**DATA FOR ANALYSIS:**
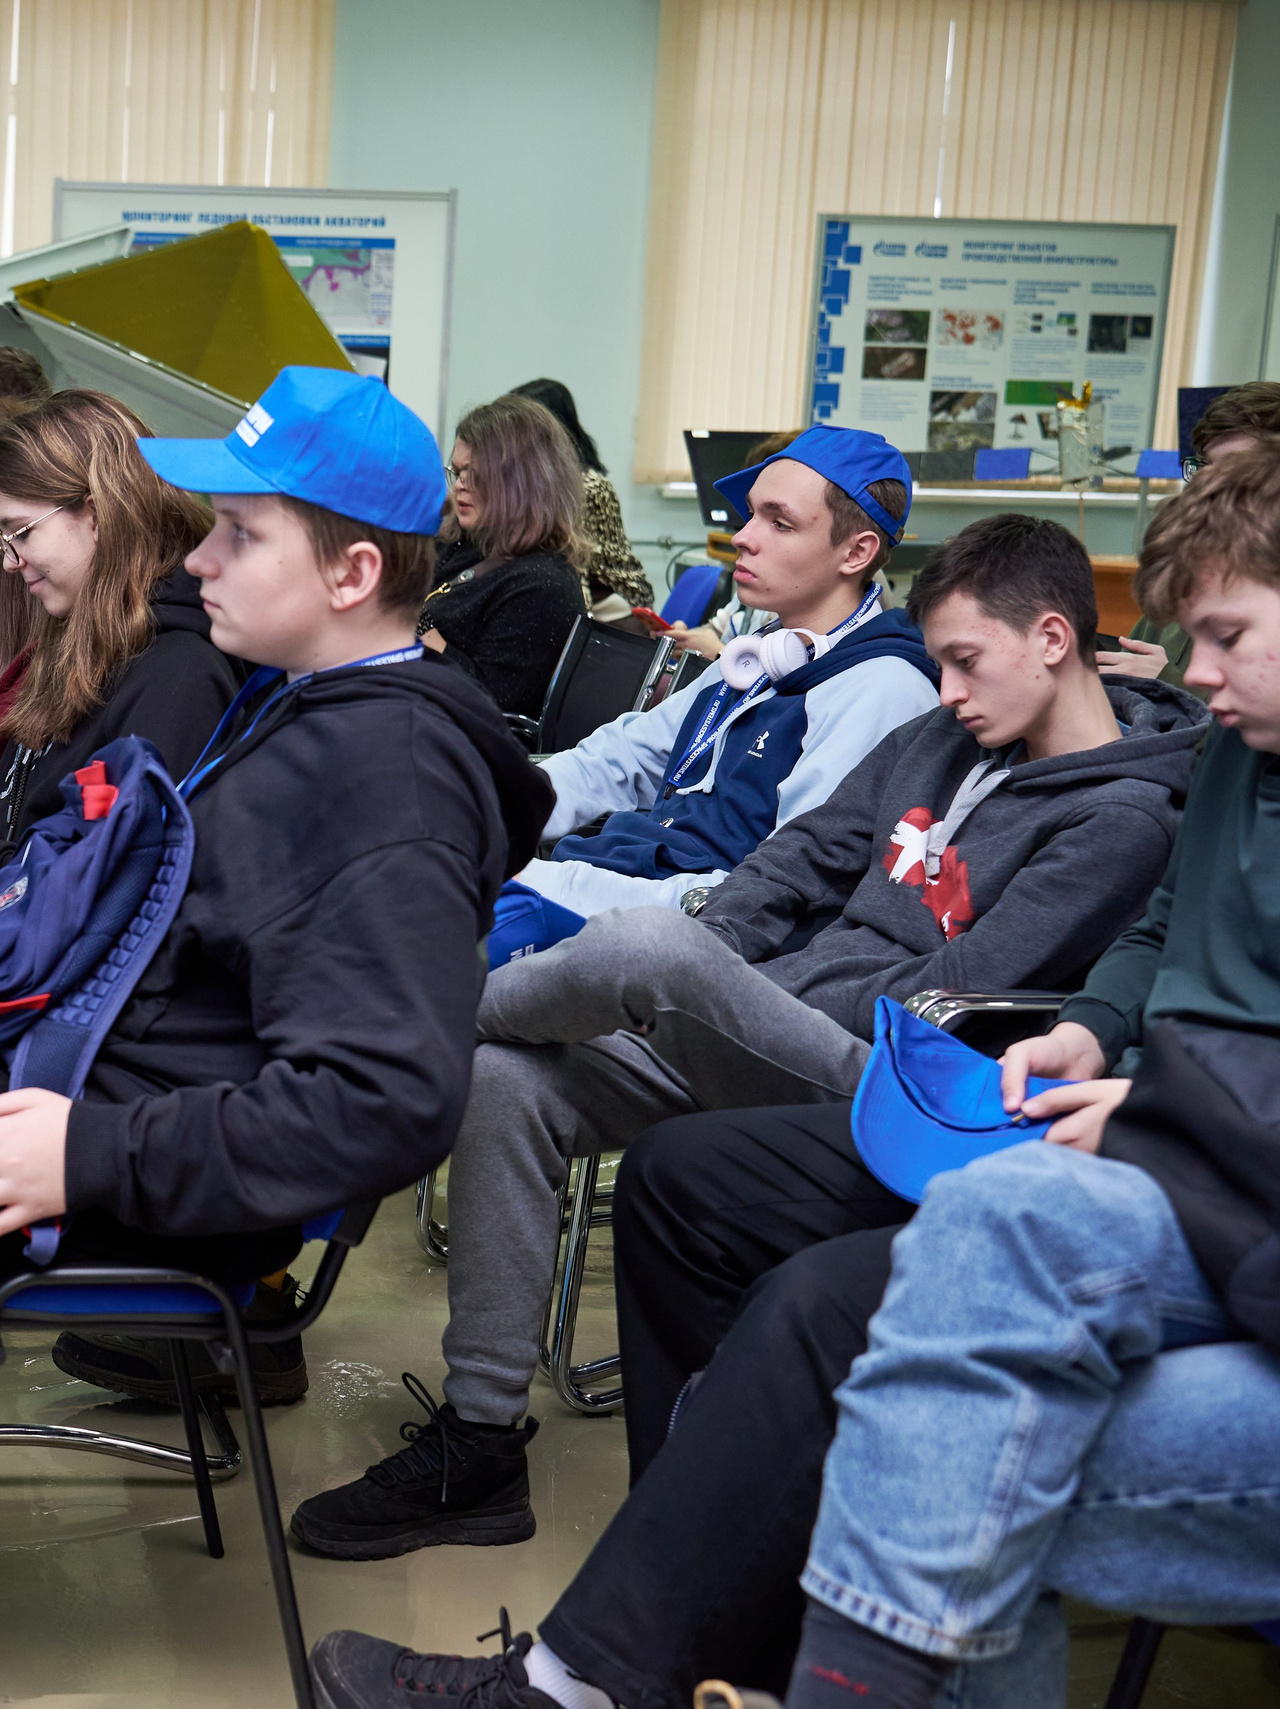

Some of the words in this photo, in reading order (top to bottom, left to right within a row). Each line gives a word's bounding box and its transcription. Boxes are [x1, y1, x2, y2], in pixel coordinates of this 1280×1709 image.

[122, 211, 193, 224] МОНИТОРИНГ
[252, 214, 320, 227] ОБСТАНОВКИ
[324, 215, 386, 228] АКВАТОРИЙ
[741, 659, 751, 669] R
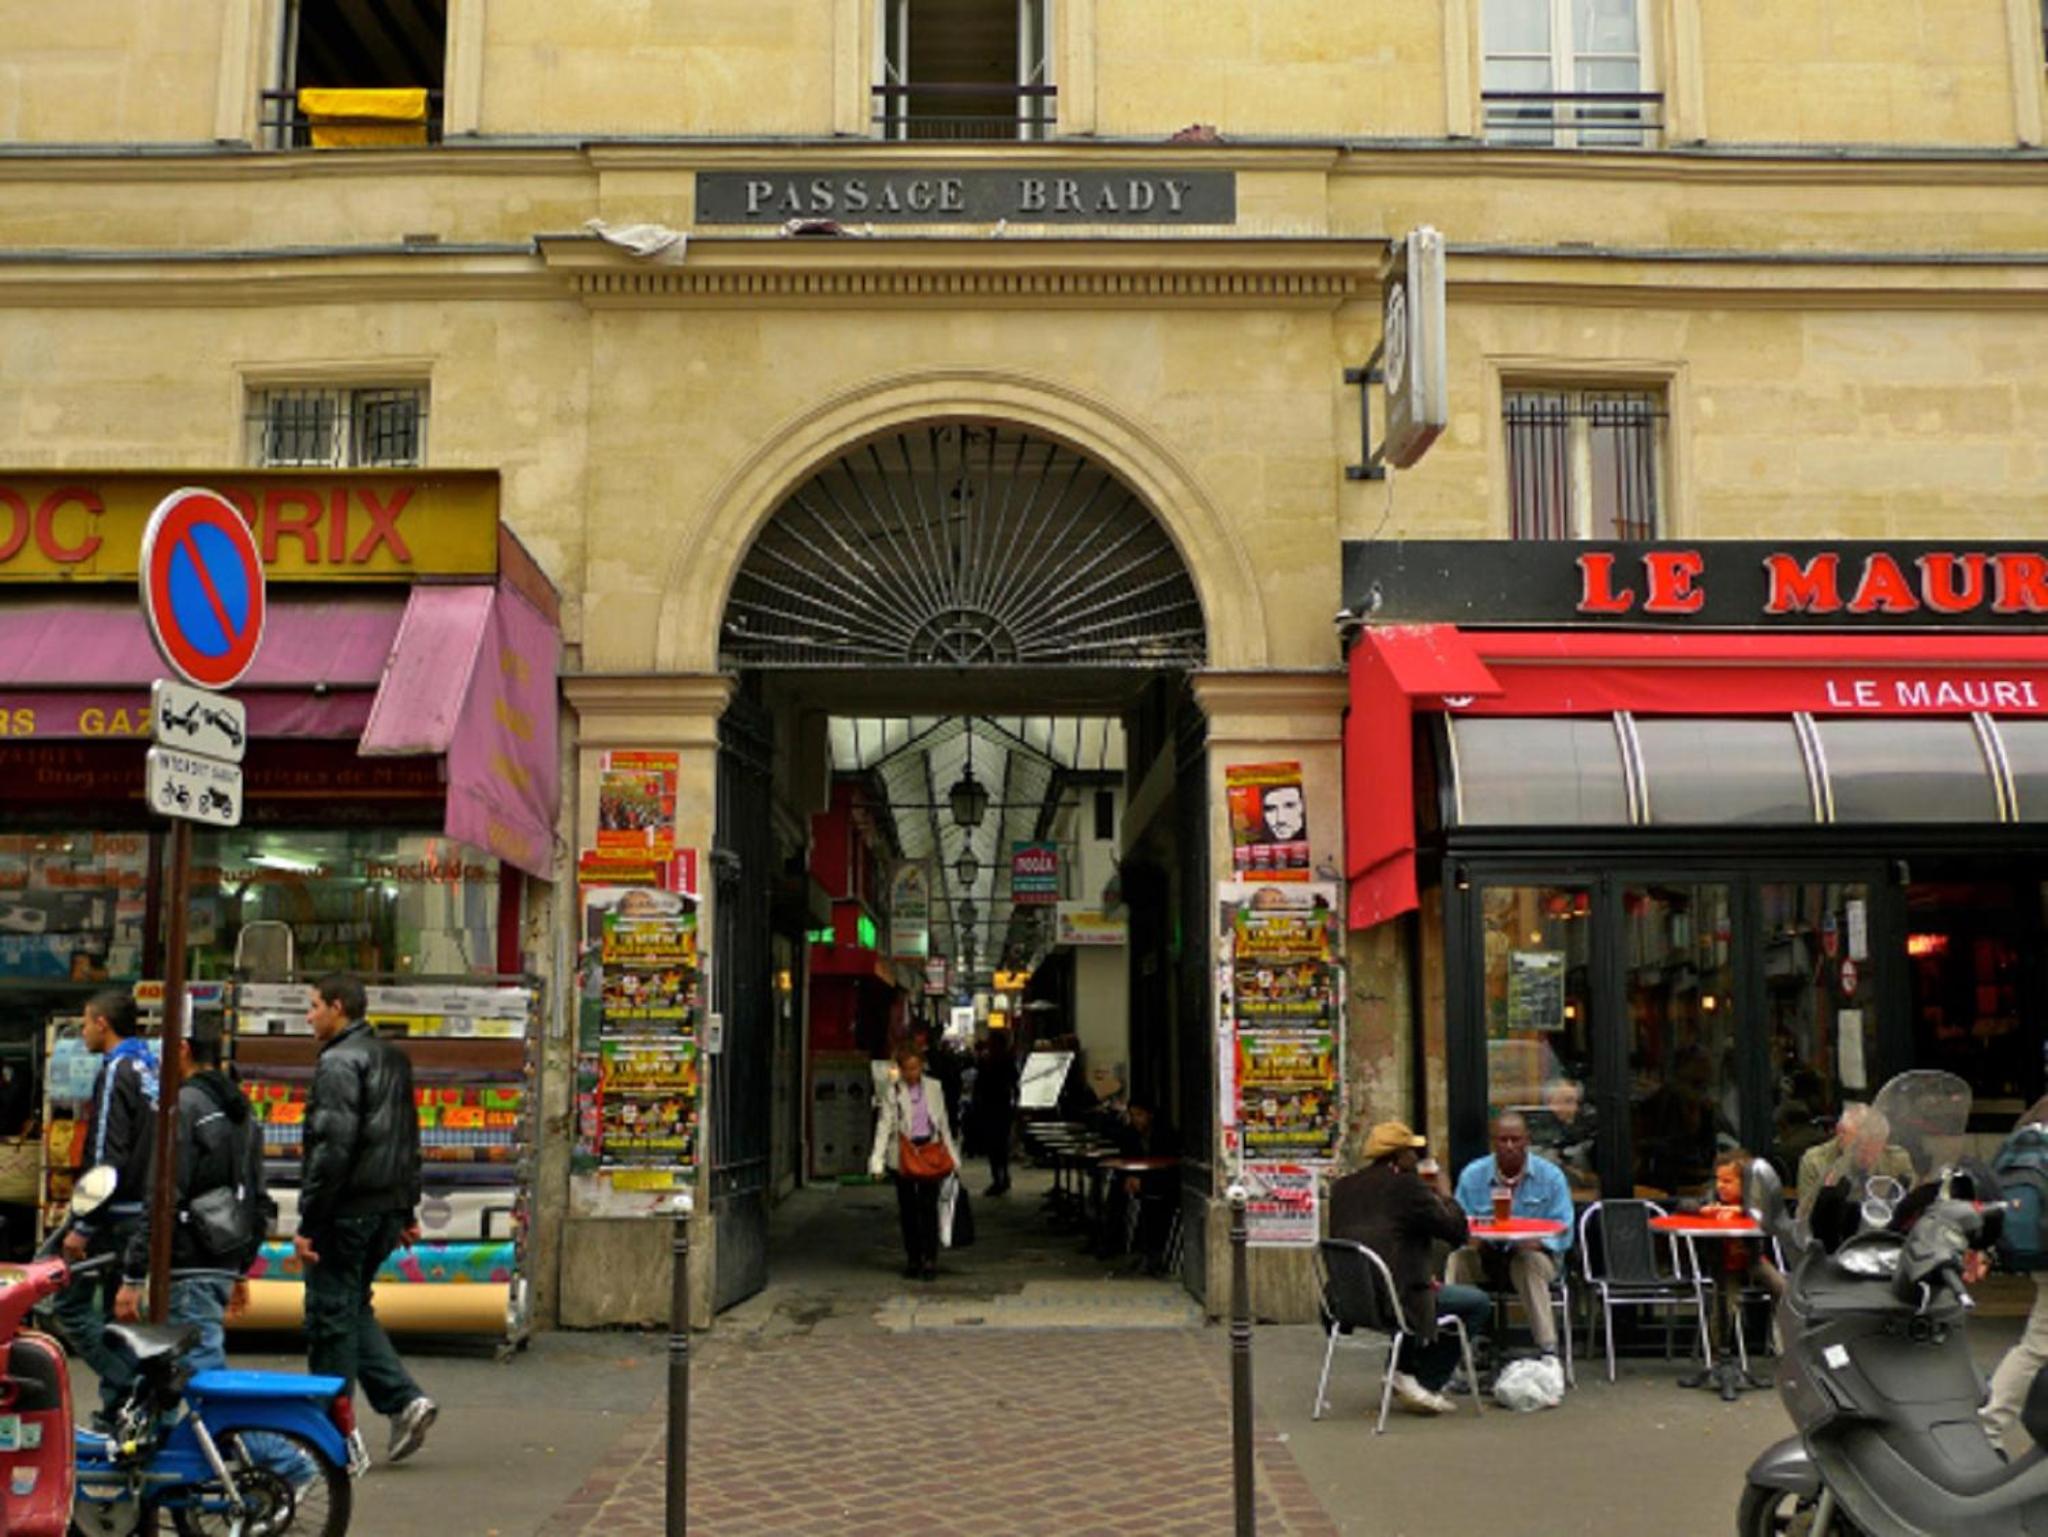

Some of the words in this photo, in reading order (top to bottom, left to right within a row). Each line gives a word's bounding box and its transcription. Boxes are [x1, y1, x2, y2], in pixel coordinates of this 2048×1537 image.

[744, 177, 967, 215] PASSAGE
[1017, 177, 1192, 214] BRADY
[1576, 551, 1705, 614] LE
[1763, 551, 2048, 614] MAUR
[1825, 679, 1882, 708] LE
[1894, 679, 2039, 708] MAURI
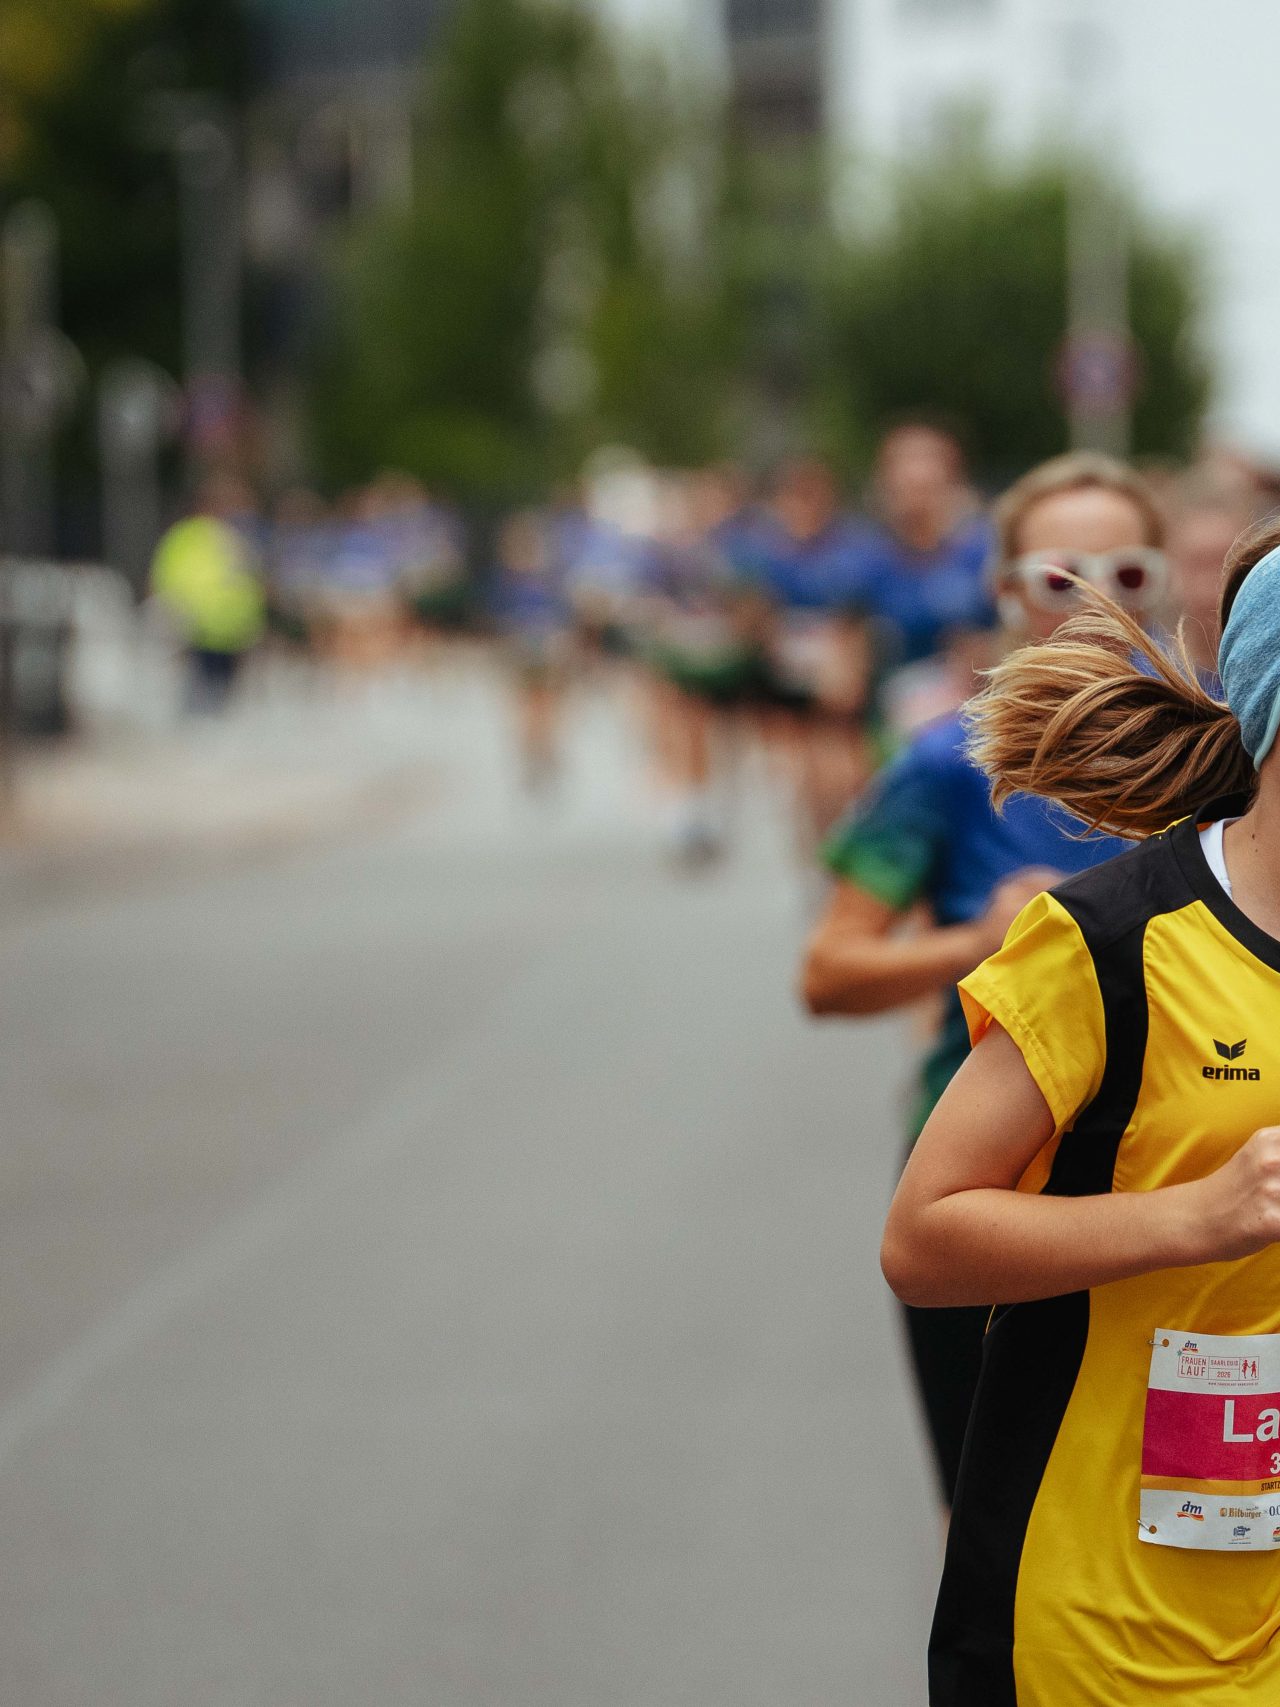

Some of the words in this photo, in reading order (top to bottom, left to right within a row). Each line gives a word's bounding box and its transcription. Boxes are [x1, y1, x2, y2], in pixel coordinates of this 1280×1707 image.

**AIM OF THE EXERCISE:** Set down all of the entries exactly as they appear, but keep the images out.

**RESULT FOR THIS EXERCISE:**
Some of the words in this photo, in reading order (top to bottom, left to right within a row). Each line gives a word's bounding box and its transcription. Boxes are [x1, y1, x2, y2], in pixel coordinates of this 1280×1709 image.

[122, 211, 193, 224] МОНИТОРИНГ
[252, 214, 320, 227] ОБСТАНОВКИ
[324, 215, 386, 228] АКВАТОРИЙ
[741, 659, 751, 669] R

Some of the words in this photo, in reading order (top to bottom, left to right within a row). Each line gives a word's bounding box and its transcription. Boxes are [x1, y1, x2, y2], in pixel coordinates of this 2048×1537 image.

[744, 177, 967, 215] PASSAGE
[1017, 177, 1192, 214] BRADY
[1576, 551, 1705, 614] LE
[1763, 551, 2048, 614] MAUR
[1825, 679, 1882, 708] LE
[1894, 679, 2039, 708] MAURI

Some of the words in this photo, in reading order (top to bottom, left to right within a row). Each line gives a word's bounding box and its transcription. Boxes are [x1, y1, x2, y2], in pixel coordinates of this 1280×1707 image.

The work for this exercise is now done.